This is familiar ground for the First Lady. She has, of course, made a career of standing by her man. Her public expressions of faith in Bill’s integrity fueled his upward trajectory through American politics. In 1992 her statement of devotion on “60 Minutes” helped beat back Gennifer; this week she’ll make several public appearances, including one on “Today” on the morning of the State of the Union, hoping to do the same with Monica. But her greatest influence is behind the scenes: Hillary is the most focused, stalwart and aggressive member of Clinton’s damage-control team.
For one thing, she is the president’s most intimate counsel, for legal reasons as well as personal ones. Clinton knows that all of his conversations are subject to Starr’s scrutiny–except for discussions with his private attorneys and his wife. (Neither a client’s lawyer nor spouse can be compelled to testify against him.) Mrs. Clinton has also taken charge of the damage-control operation at the White House, such as it is–a floating conversation in hallways as the president’s aides struggle to end the crisis. She has been the lead advocate of the go-slow strategy, arguing that a hastily arranged interview with the press would only exacerbate the president’s woes. (She was mindful of Al Gore’s disastrous no-controlling-legal-authority press conference.) She prevailed.

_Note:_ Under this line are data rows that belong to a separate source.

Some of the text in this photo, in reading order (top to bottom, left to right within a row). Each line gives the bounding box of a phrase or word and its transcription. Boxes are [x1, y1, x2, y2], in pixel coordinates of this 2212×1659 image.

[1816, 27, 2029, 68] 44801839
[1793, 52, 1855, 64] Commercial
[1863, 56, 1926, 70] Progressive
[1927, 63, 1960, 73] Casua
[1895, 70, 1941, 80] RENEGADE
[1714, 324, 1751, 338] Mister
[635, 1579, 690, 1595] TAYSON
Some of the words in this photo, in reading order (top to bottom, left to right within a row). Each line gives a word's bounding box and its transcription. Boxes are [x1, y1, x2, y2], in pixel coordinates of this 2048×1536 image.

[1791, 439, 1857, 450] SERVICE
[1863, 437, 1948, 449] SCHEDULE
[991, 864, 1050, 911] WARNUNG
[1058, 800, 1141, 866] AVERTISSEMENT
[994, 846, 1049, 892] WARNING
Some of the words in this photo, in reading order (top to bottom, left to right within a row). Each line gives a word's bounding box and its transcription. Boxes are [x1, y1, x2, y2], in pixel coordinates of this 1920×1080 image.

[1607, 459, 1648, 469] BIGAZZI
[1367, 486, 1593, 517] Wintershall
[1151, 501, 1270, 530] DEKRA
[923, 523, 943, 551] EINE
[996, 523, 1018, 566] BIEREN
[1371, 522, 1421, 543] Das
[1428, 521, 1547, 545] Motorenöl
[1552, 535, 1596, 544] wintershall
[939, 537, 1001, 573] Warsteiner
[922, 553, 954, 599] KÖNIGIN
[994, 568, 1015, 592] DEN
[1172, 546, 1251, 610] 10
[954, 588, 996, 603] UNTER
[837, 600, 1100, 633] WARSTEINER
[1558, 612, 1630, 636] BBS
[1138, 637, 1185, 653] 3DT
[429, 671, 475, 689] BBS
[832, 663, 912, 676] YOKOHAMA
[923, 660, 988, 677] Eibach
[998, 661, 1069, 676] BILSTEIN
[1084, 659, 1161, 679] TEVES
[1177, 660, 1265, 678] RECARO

Even more important than Hillary’s advice is her drive–something many staff members find infectious. “She is engaged,” says Lisa Caputo, Hillary’s friend and former press secretary. Around the office last week, Hillary was determined to fight what she claimed was a smear campaign by Starr and the president’s political enemies. While Mrs. Clinton doesn’t watch TV or read many newspaper articles during a Clinton scandal, she glommed on the story of Lucianne Goldberg, the New York literary agent who emerged as a close friend of secretary-turned-sleuth Linda Tripp. For Hillary, Goldberg’s ties to Nixon’s dirty-tricks operations offered still more confirmation of a right-wing conspiracy to bring down the First Couple. “She’s in total battle mode,” says one friend.
And one of the things she is fighting to protect is her own reputation. After years in the wilderness following her health-care debacle and the accusations against her in Whitewater, Hillary Clinton had, during the last six months, climbed back. Polls showed her at the peak of her popularity. Indeed, her 50th birthday in October gave her a streak of good press. She had dealt much better with Chelsea’s departure for college than had the president, who has been much more broken up by his daughter’s absence. (But it was the president who actually called Chelsea last week to tell her the stories weren’t true.) What’s more, Hillary’s issues were once again front and center: child care is at the top of the president’s second-term agenda. “Now,” laments a friend, “she has to fight back for herself as much as anyone.”
If she is nursing a private anger toward her husband, she is not showing it to friends and colleagues. While many on the Clinton staff feel dejected and doubtful about their boss–“I really hope he’s telling the truth,” one friend of Hillary says sighing–the First Lady has, at least in front of others, been a Happy Warrior. She’s told colleagues that the president has been attacked before and he’ll get through this again. Psychologists might call it denial, but another way to look at it may be as the zeal of a Methodist missionary, unbroken and unbowed. Despite the big ups and downs in their marriage, and her all-too-painful awareness of Clinton’s infidelities, she wants to use their collective political power to promote their mutual causes. Indeed, last week she made time for several do-gooder policy meetings in her West Wing office on international aid, including one with financier George Soros.
But this time there’s only so much the First Lady can do to save her husband. In 1992 her testimony helped convince the country that he had seen the light. This time the allegation is perjury and the place is the Oval Office. Her word–and her zeal–will count for less.